[[ Task input open ]]

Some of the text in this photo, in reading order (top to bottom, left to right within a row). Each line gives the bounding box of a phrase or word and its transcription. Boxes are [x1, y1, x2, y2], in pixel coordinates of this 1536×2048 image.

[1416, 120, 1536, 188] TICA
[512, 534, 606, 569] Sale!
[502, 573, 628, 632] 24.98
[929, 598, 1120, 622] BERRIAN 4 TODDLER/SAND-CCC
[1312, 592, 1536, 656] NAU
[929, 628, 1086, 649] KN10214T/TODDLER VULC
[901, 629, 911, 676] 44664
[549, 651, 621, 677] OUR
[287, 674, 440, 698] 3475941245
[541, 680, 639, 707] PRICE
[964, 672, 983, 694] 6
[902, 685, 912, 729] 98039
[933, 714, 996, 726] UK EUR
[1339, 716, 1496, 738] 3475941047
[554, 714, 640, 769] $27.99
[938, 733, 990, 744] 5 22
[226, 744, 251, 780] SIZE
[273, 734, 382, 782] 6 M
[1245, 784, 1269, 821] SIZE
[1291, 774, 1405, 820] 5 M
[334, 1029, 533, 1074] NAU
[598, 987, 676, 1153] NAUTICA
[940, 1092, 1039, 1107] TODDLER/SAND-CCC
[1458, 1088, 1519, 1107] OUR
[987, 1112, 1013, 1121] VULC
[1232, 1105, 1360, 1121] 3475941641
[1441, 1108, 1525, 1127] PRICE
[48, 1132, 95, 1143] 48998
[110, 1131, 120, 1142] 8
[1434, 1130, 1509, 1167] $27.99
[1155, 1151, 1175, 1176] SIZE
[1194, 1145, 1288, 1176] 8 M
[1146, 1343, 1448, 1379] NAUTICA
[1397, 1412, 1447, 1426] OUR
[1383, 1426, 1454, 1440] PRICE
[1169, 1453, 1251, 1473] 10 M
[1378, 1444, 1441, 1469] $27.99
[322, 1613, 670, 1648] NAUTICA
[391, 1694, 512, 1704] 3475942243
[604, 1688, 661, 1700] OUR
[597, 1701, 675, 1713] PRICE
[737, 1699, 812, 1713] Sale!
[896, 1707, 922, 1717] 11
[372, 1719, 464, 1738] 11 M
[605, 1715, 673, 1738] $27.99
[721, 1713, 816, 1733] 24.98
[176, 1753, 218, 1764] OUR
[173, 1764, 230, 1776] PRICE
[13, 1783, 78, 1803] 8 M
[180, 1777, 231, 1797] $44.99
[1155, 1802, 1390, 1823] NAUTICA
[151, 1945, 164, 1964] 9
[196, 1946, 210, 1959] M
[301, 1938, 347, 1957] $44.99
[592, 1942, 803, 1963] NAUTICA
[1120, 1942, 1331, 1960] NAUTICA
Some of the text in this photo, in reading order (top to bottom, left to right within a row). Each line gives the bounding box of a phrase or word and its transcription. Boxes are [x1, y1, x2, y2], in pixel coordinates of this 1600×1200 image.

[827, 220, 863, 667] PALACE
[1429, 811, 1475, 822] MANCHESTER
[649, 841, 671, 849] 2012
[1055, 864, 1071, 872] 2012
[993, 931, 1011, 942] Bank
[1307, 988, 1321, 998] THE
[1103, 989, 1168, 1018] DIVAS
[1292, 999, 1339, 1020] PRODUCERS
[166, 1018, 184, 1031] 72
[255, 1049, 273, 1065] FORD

[[ Task input closed ]]

▶ Your assignment
Your answer must be the full set of entries, copied exactly.

▶ Response
Some of the text in this photo, in reading order (top to bottom, left to right within a row). Each line gives the bounding box of a phrase or word and its transcription. Boxes are [x1, y1, x2, y2], in pixel coordinates of this 1536×2048 image.

[1416, 120, 1536, 188] TICA
[512, 534, 606, 569] Sale!
[502, 573, 628, 632] 24.98
[929, 598, 1120, 622] BERRIAN 4 TODDLER/SAND-CCC
[1312, 592, 1536, 656] NAU
[929, 628, 1086, 649] KN10214T/TODDLER VULC
[901, 629, 911, 676] 44664
[549, 651, 621, 677] OUR
[287, 674, 440, 698] 3475941245
[541, 680, 639, 707] PRICE
[964, 672, 983, 694] 6
[902, 685, 912, 729] 98039
[933, 714, 996, 726] UK EUR
[1339, 716, 1496, 738] 3475941047
[554, 714, 640, 769] $27.99
[938, 733, 990, 744] 5 22
[226, 744, 251, 780] SIZE
[273, 734, 382, 782] 6 M
[1245, 784, 1269, 821] SIZE
[1291, 774, 1405, 820] 5 M
[334, 1029, 533, 1074] NAU
[598, 987, 676, 1153] NAUTICA
[940, 1092, 1039, 1107] TODDLER/SAND-CCC
[1458, 1088, 1519, 1107] OUR
[987, 1112, 1013, 1121] VULC
[1232, 1105, 1360, 1121] 3475941641
[1441, 1108, 1525, 1127] PRICE
[48, 1132, 95, 1143] 48998
[110, 1131, 120, 1142] 8
[1434, 1130, 1509, 1167] $27.99
[1155, 1151, 1175, 1176] SIZE
[1194, 1145, 1288, 1176] 8 M
[1146, 1343, 1448, 1379] NAUTICA
[1397, 1412, 1447, 1426] OUR
[1383, 1426, 1454, 1440] PRICE
[1169, 1453, 1251, 1473] 10 M
[1378, 1444, 1441, 1469] $27.99
[322, 1613, 670, 1648] NAUTICA
[391, 1694, 512, 1704] 3475942243
[604, 1688, 661, 1700] OUR
[597, 1701, 675, 1713] PRICE
[737, 1699, 812, 1713] Sale!
[896, 1707, 922, 1717] 11
[372, 1719, 464, 1738] 11 M
[605, 1715, 673, 1738] $27.99
[721, 1713, 816, 1733] 24.98
[176, 1753, 218, 1764] OUR
[173, 1764, 230, 1776] PRICE
[13, 1783, 78, 1803] 8 M
[180, 1777, 231, 1797] $44.99
[1155, 1802, 1390, 1823] NAUTICA
[151, 1945, 164, 1964] 9
[196, 1946, 210, 1959] M
[301, 1938, 347, 1957] $44.99
[592, 1942, 803, 1963] NAUTICA
[1120, 1942, 1331, 1960] NAUTICA
Some of the text in this photo, in reading order (top to bottom, left to right within a row). Each line gives the bounding box of a phrase or word and its transcription. Boxes are [x1, y1, x2, y2], in pixel coordinates of this 1600×1200 image.

[827, 220, 863, 667] PALACE
[1429, 811, 1475, 822] MANCHESTER
[649, 841, 671, 849] 2012
[1055, 864, 1071, 872] 2012
[993, 931, 1011, 942] Bank
[1307, 988, 1321, 998] THE
[1103, 989, 1168, 1018] DIVAS
[1292, 999, 1339, 1020] PRODUCERS
[166, 1018, 184, 1031] 72
[255, 1049, 273, 1065] FORD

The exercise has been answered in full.